I had to rewrite the article partly because I was expecting population density, and not religion, to show the strongest correlation with voting. I was intrigued to find that I was wrong.

Most data for this part of the analysis came from the Pew Forum on Religion and Public Life Religious Landscape Survey 2008(1). The Pew paper provides data only at the state level, and not for Alaska and Hawaii. Consequently I only did the analysis at the state level, and for Alaska and Hawaii I estimated the figures from other sources(2).

I included any religion which has a share of at least 10% statewide in at least one state. This excluded all non-Christian religions. Religions which I did include were evangelicals, mainline Protestant denominations (reported as a single figure), black churches (reported as a single figure), Catholic, and Mormon. I also looked at the correlation between the total population of all these religions in a state and the percent voting for Obama in that state, as well as one combination between two religions (which I will discuss further).

Evangelicals had the strongest correlation of any individual religion (described by a second-order polynomial), but there was still a substantial outlier (low Obama returns, but also low evangelism). This was Utah. Indeed, although only 3 states have a Mormon population of greater than 10% of the overall population, they were all outliers on the evangelical curve (low evangelism, low Obama returns), and having only 3 states out of 50 with Mormons above 10% can't give a good signal on the Mormon-only curve. Because evanglism and Mormonism typically don't occur in the same state I created another group, "Evangelicals + Mormons", and found that it had the srongest correlation of all (R=0.831), described by a logarithmic function:

The logarithmic curve for Evangelical + Mormon was only slightly stronger than a linear relationship (0.828). This combined index is the strongest relationship of any variable I looked at, but in the end did not predict the electoral vote as well as population density.

What's immediately interesting is that some religions had strong negative correlations (evangelicals and Mormons, especially when taken together), some were flat or very weak (mainline Protestant denominations and black churches), while Catholic was actually positively correlated with voting for Obama (linear relationship with R=0.537). It's been known at least in the last two elections religion (defined by service attendance) was a good predictor for individuals voting Republican; here we have supporting data at the state level.

That said, there are no majority Catholic or black church states to test whether it's only religious dominance (and not the political aggressiveness of any specific religion) that affects voting patterns. I tried to create an index of religious dominance for each state by multiplying the standard deviation of religions in the state by the highest percentage of any one religion. This index had a negative correlation similar to or slightly weaker than Mormonism alone (which are only a majority in one state and only above 10% in 3). Therefore it appears to be specifically evangelicalism and Mormonism that are most strongly correlated with voting patterns.

It's worth pointing out in the discussion of religion and voting that there's an interesting article called "McCain's Atheist Problem" at stating that McCain trailed Obama in the atheist vote by 25% (and that's about 2.5% of the total electorate; a campaign strategist would tear his hair out if his candidate did something to lose 2.5% of the electorate).
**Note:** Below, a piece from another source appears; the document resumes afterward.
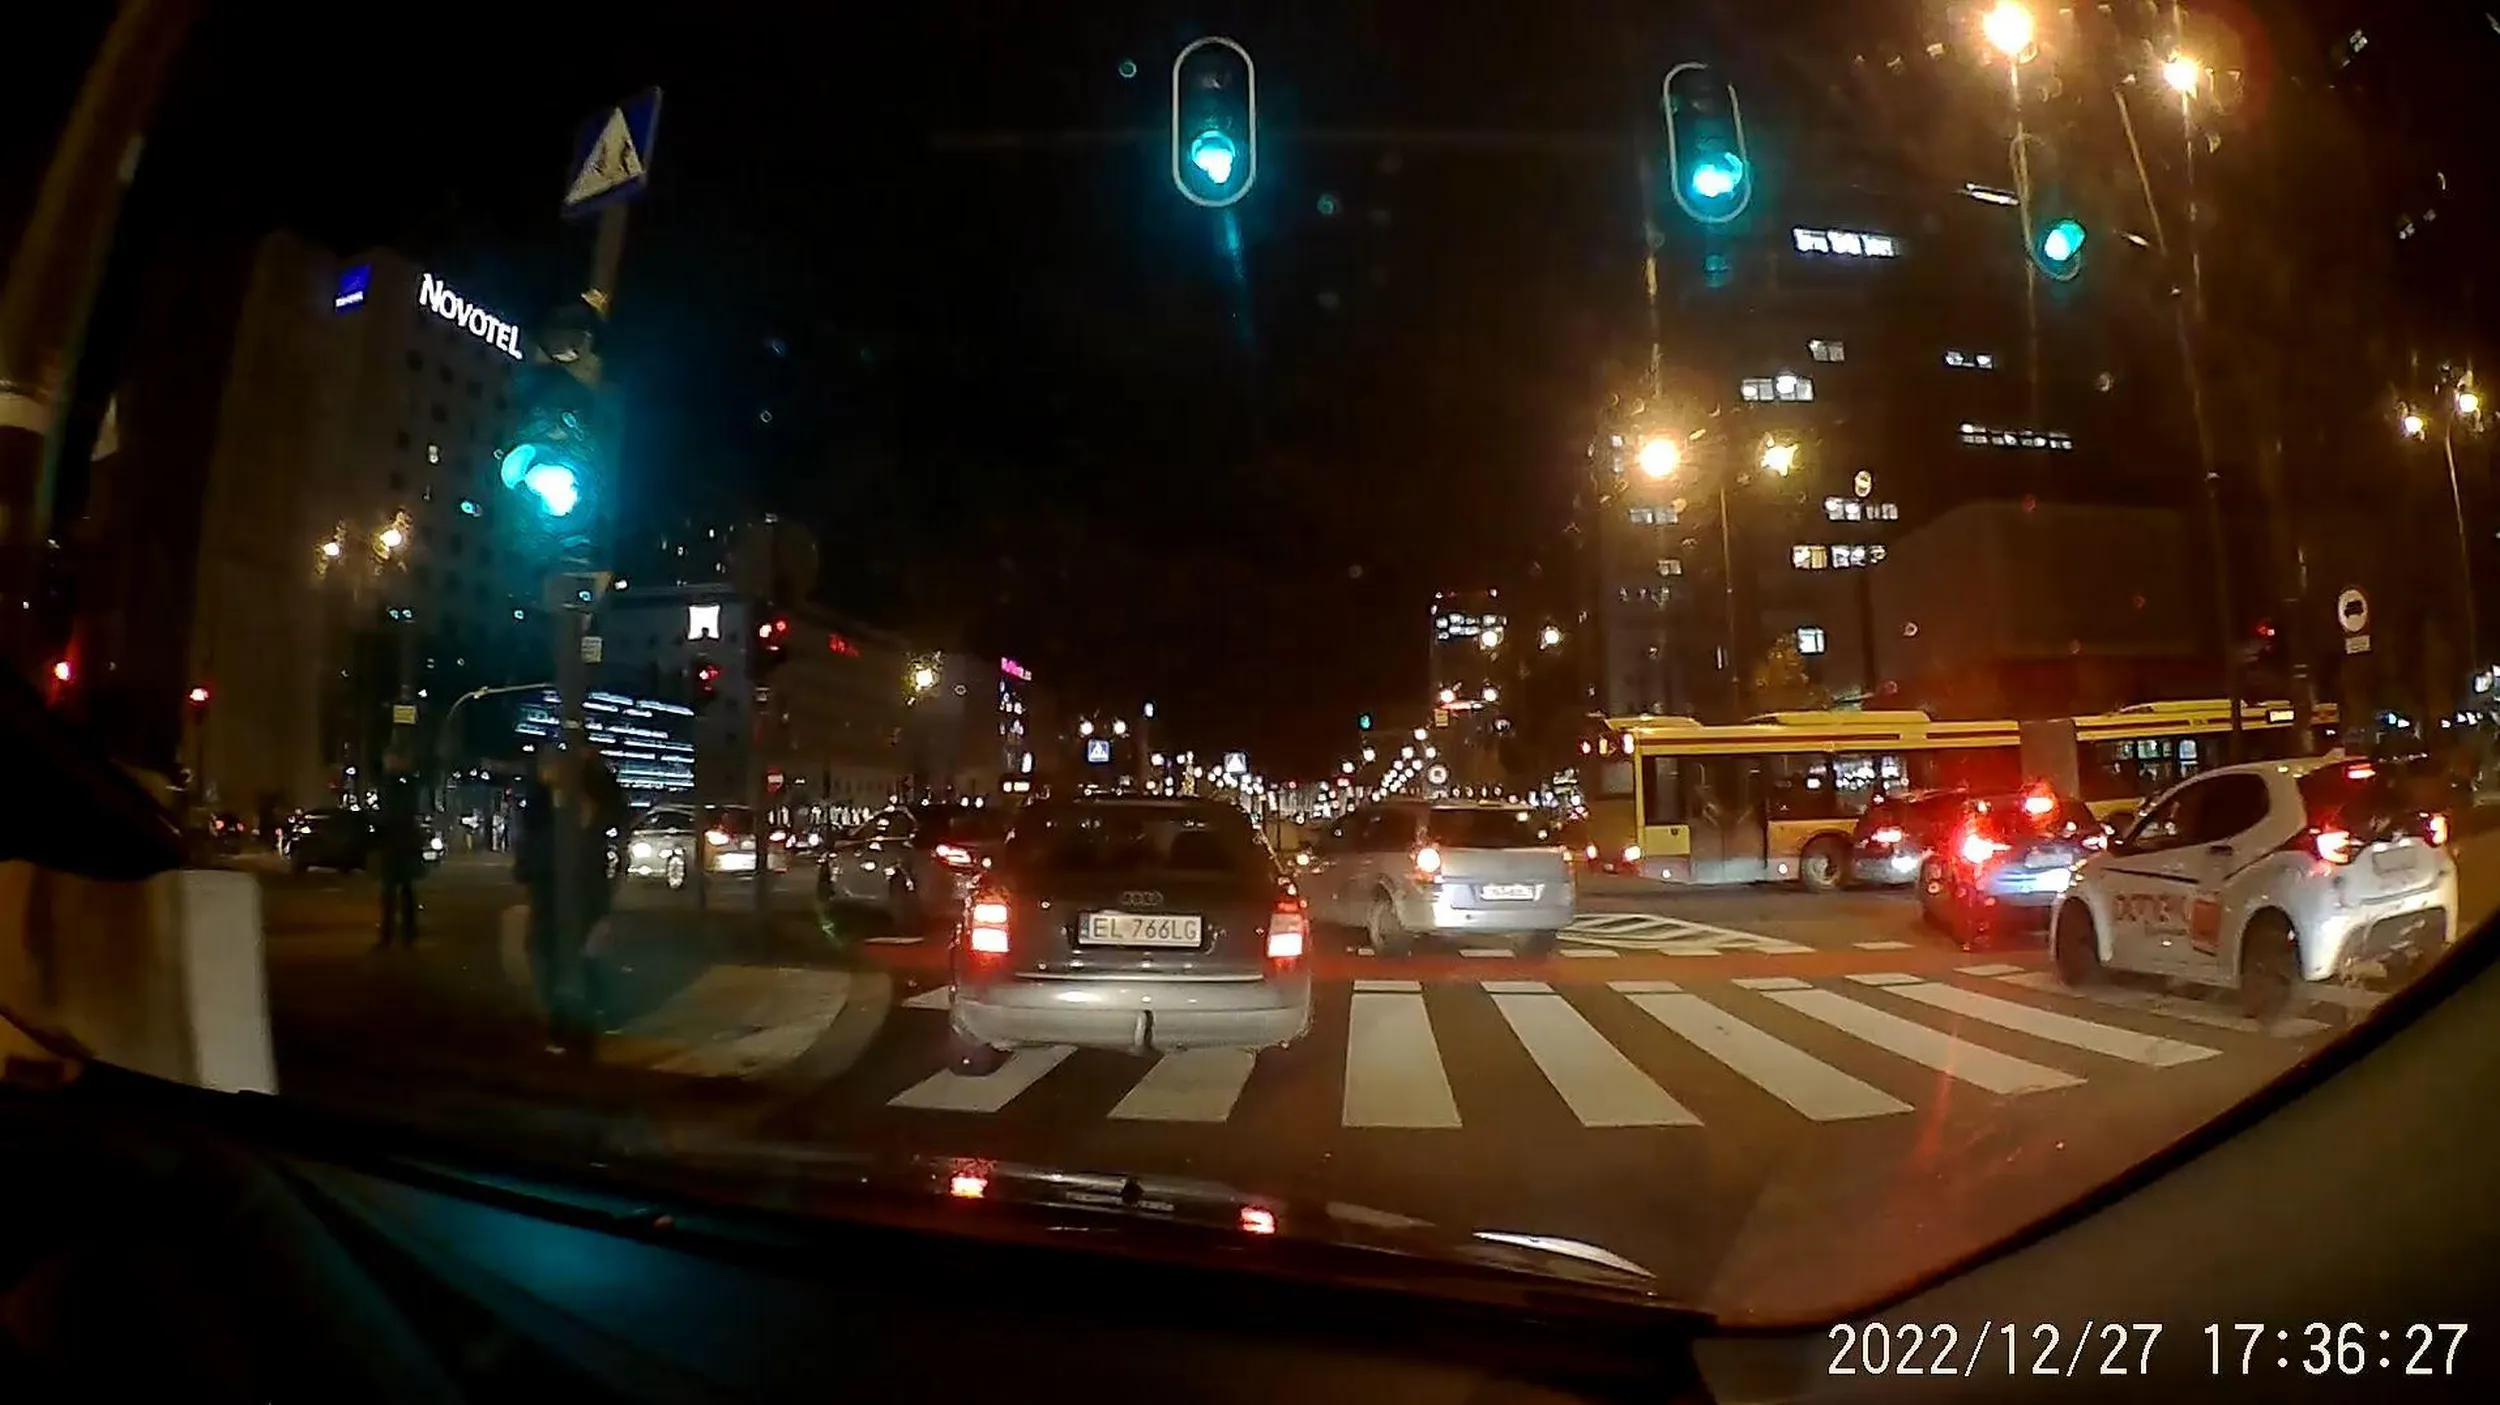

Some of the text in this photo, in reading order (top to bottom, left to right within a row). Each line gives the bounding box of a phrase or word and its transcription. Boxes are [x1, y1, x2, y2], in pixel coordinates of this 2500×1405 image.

Anecdotal evidence: the day that Palin was announced, that number went up 0.00001% when I switched over myself.


My first inspiration for this investigation was an observation on a network news website (which I can't now dig up) months prior to the election that population density is a major contributor to political leanings (same speculation here on FOXNews in 2004).

Of course, population density was only the second-best predictor at both the state and county level for percentage of Obama votes by county, although retrodicting using the regression equation did give a better electoral outcome than the evangelical+Mormon index. Data came from the 2007 Census estimates(3). Using an exponential model for both state and county levels showed a power function trend with R of 0.578 and 0.427 respectively.

Looking at fine-grained election maps, you can usually guess where the denser population is based on the blue vs. red returns:

However, sometimes the discontinuities have other causes. For example, notice the blue spots in the middle of South Dakota:

Every single one of those six mid-state blue counties is occupied mostly or totally by an Indian reservation, and the reservation counties all have densities lower than the state average and similar to surrounding counties, meaning that all other things being equal, they should be as red or redder. This is not surprising, since historically, Native Americans have voted Democrat. Similarly, you can compare the county-level voting results in Mississippi to the percentage of African-Americans in Mississippi counties:

Neither of these observations is surprising, but they have to be taken into a account in any model predicting American voting patterns based on demographics; this may also explain why the R for the county-level population density regression is lower than for the state-level, because states are much bigger, so race and other factors can differ much more within a county than within a state. Unfortunately, still in 2008 there's an income gap between whites and non-whites, so it's hard to disentangle race and income as influences on voting.


I thought the tendency of non-white Americans to vote Democrat would be more pronounced in this election given that the Democratic candidate was not white. Census technicality: my definition of non-whiteness at the state level includes Hispanic ethnicity/white race population. Data again comes from U.S. Census estimates for 2007 population(3). At the state level the trend is best described by a second-order polynomial with R=0.371.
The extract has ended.